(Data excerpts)
· · ·
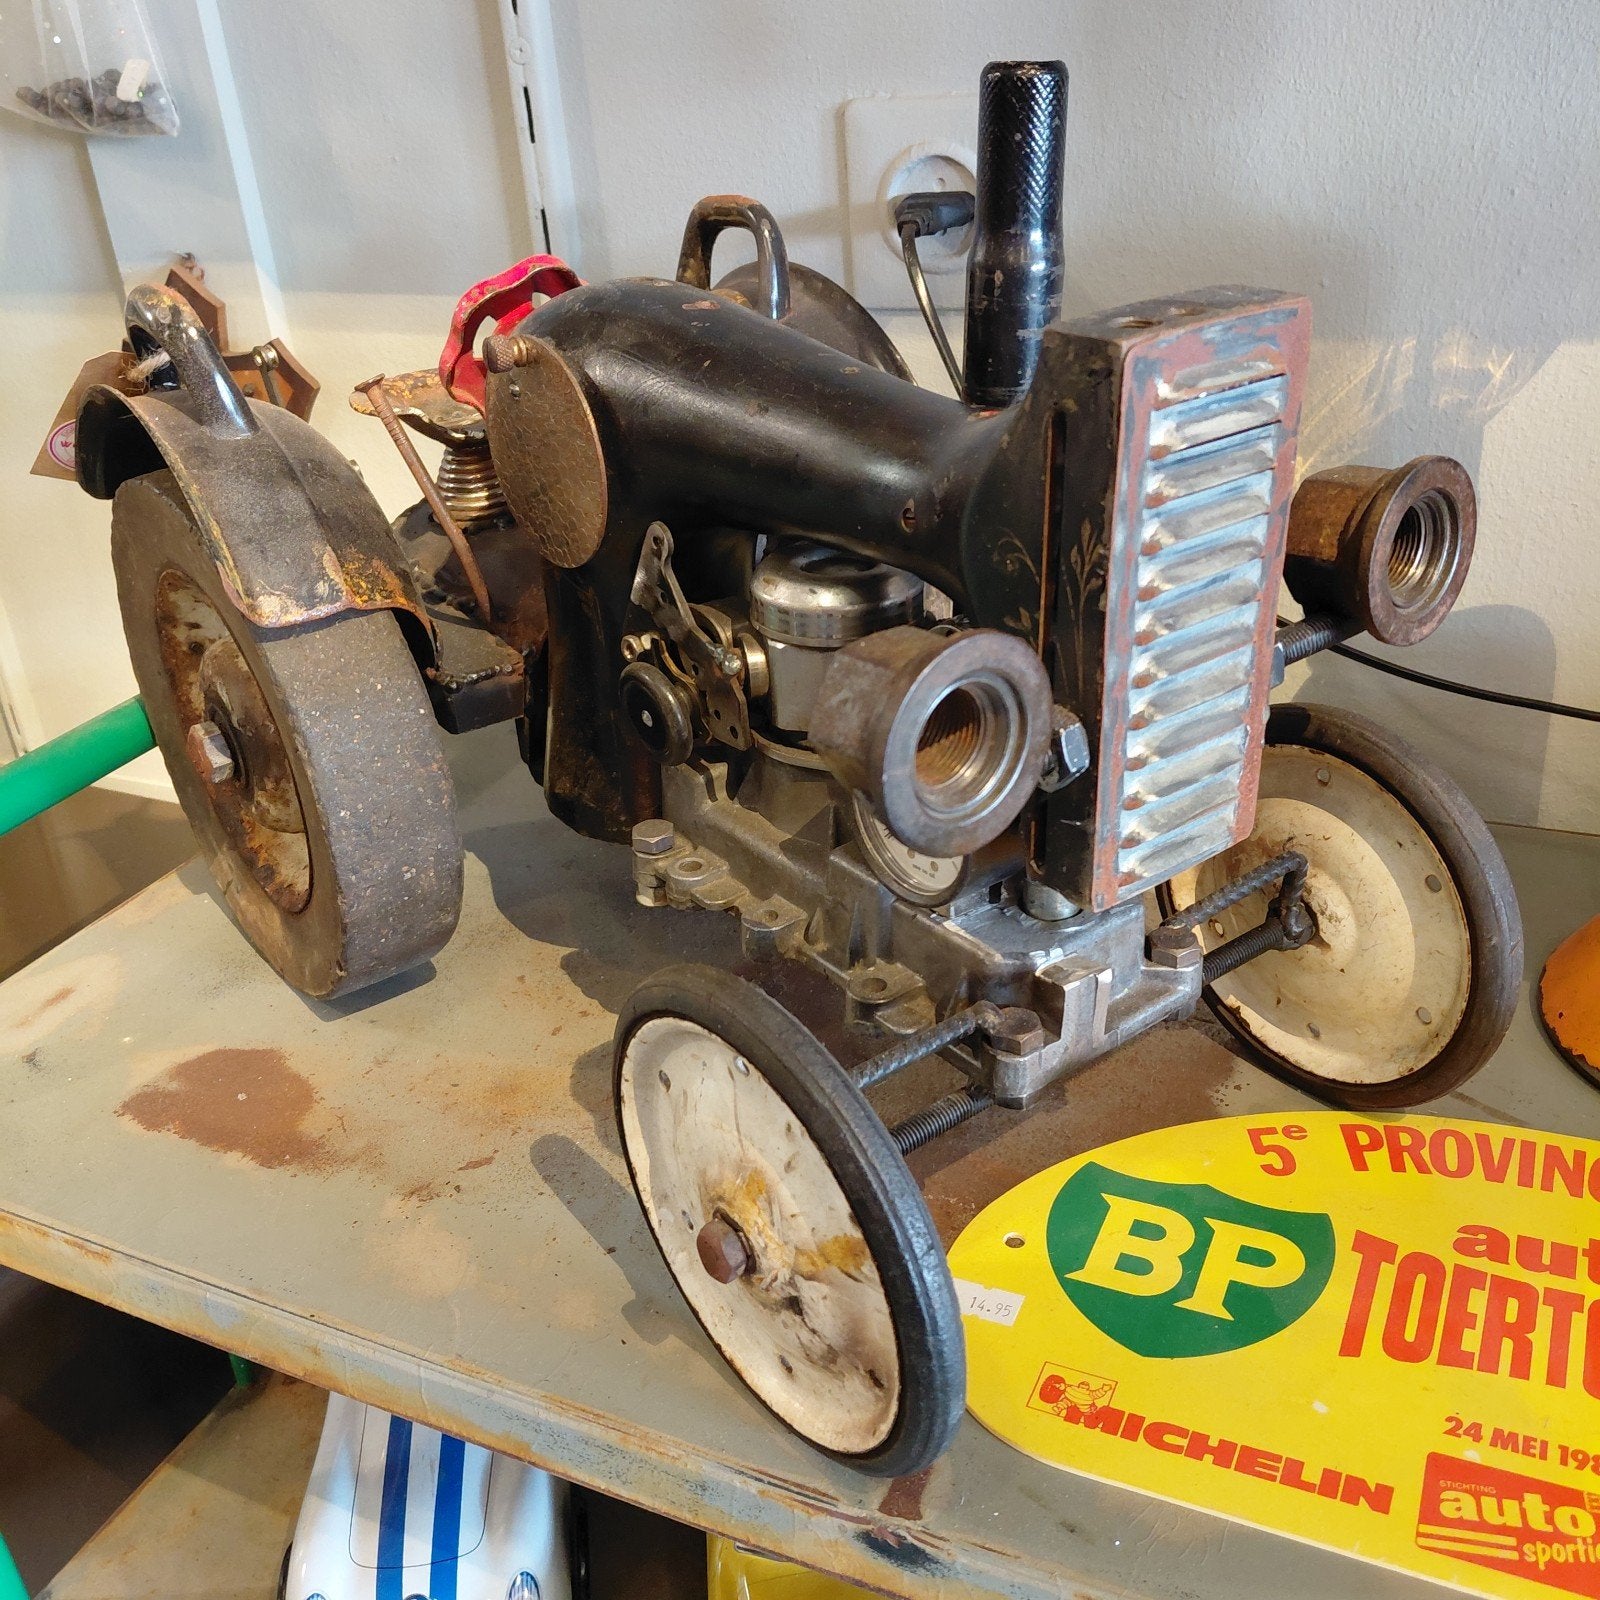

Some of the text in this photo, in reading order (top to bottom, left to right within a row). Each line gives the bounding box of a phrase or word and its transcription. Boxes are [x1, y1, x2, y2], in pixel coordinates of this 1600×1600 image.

[1339, 1124, 1600, 1203] PROVIN
[1064, 1193, 1306, 1321] BP
[969, 1296, 1013, 1317] 14.95
[1063, 1405, 1394, 1515] MICHELIN
[1442, 1415, 1483, 1443] 24
[1489, 1427, 1548, 1461] MEI
[1439, 1479, 1497, 1494] STICHTING
[1439, 1490, 1596, 1538] auto
[1522, 1536, 1600, 1571] sporti
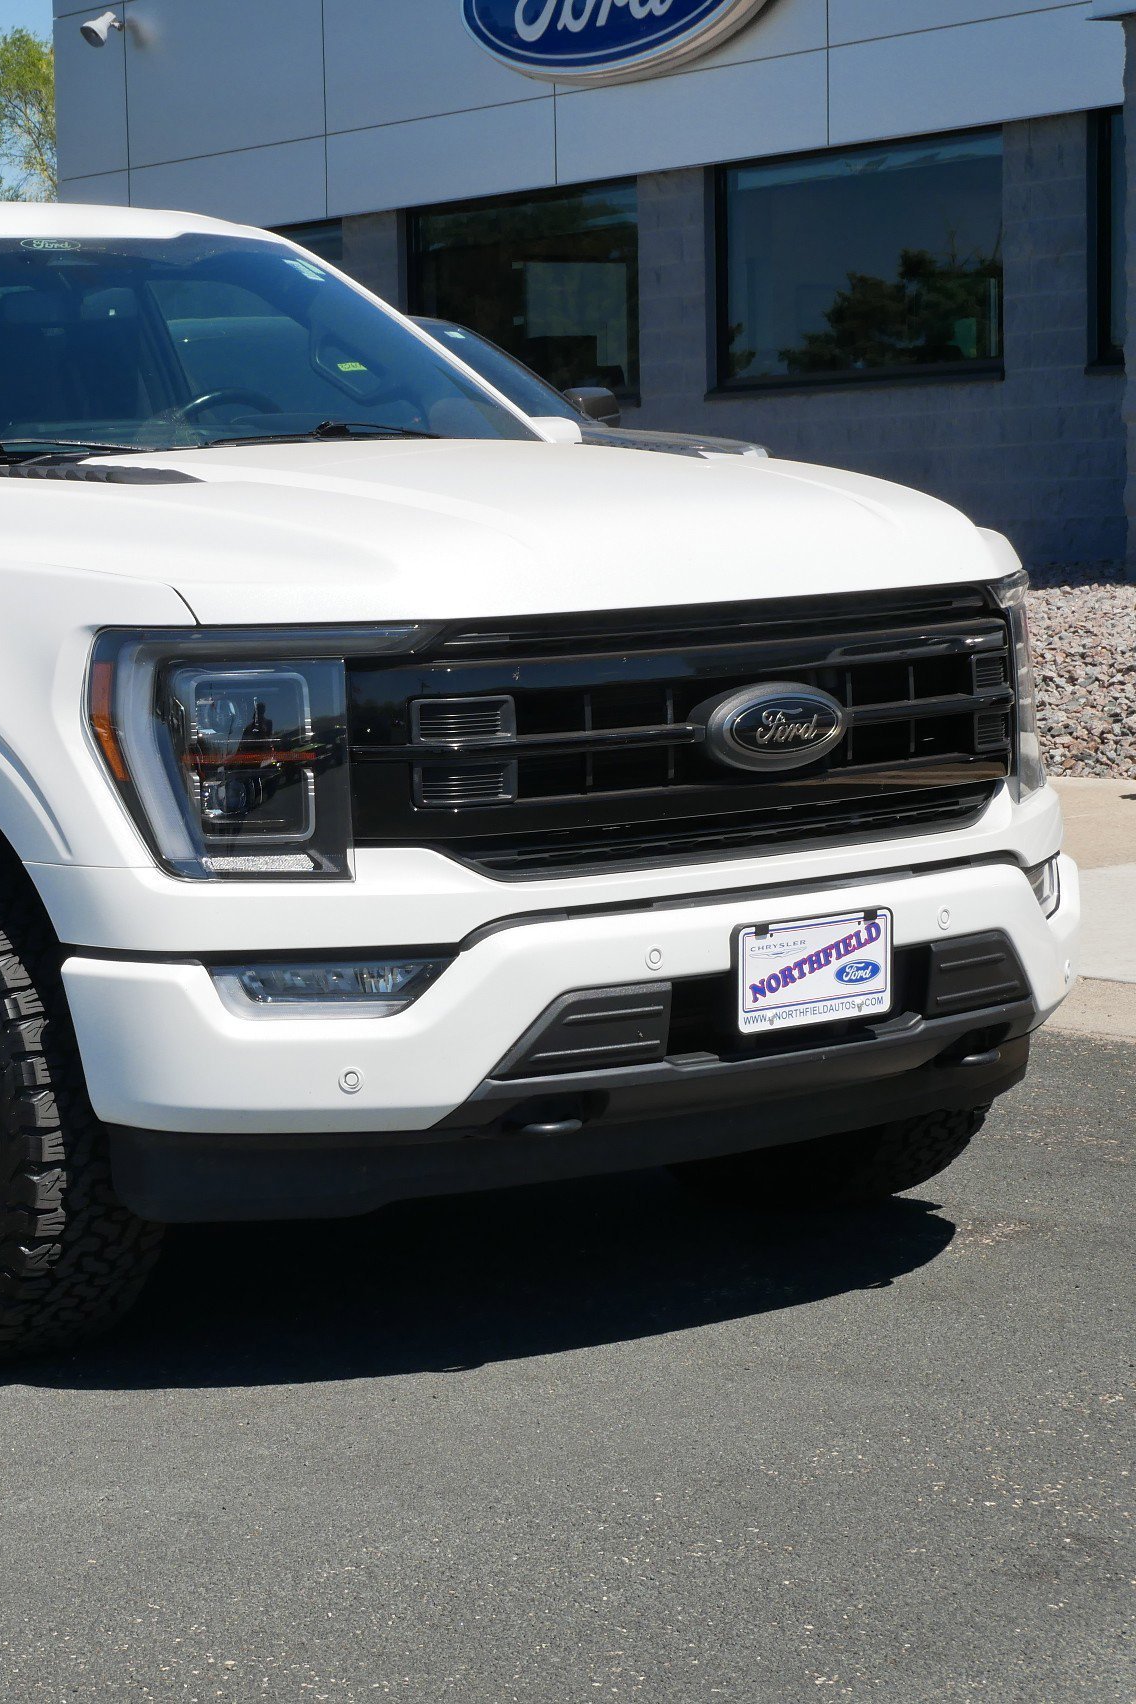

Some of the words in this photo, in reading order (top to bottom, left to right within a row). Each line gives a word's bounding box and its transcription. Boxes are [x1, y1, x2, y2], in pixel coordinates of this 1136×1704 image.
· · ·
▶ Your task
Take the entries shown above and quote them verbatim, passing over the pictures.

▶ Response to the task
Some of the text in this photo, in reading order (top to bottom, left to right within a row). Each line gives the bounding box of a phrase or word and its transcription. Boxes are [x1, y1, x2, y2], in pixel coordinates of this 1600×1600 image.

[1339, 1124, 1600, 1203] PROVIN
[1064, 1193, 1306, 1321] BP
[969, 1296, 1013, 1317] 14.95
[1063, 1405, 1394, 1515] MICHELIN
[1442, 1415, 1483, 1443] 24
[1489, 1427, 1548, 1461] MEI
[1439, 1479, 1497, 1494] STICHTING
[1439, 1490, 1596, 1538] auto
[1522, 1536, 1600, 1571] sporti

Some of the words in this photo, in reading order (top to bottom, left to right within a row). Each line gives a word's bounding box and its transcription. Boxes are [x1, y1, x2, y2], in pixel coordinates of this 1136×1704 image.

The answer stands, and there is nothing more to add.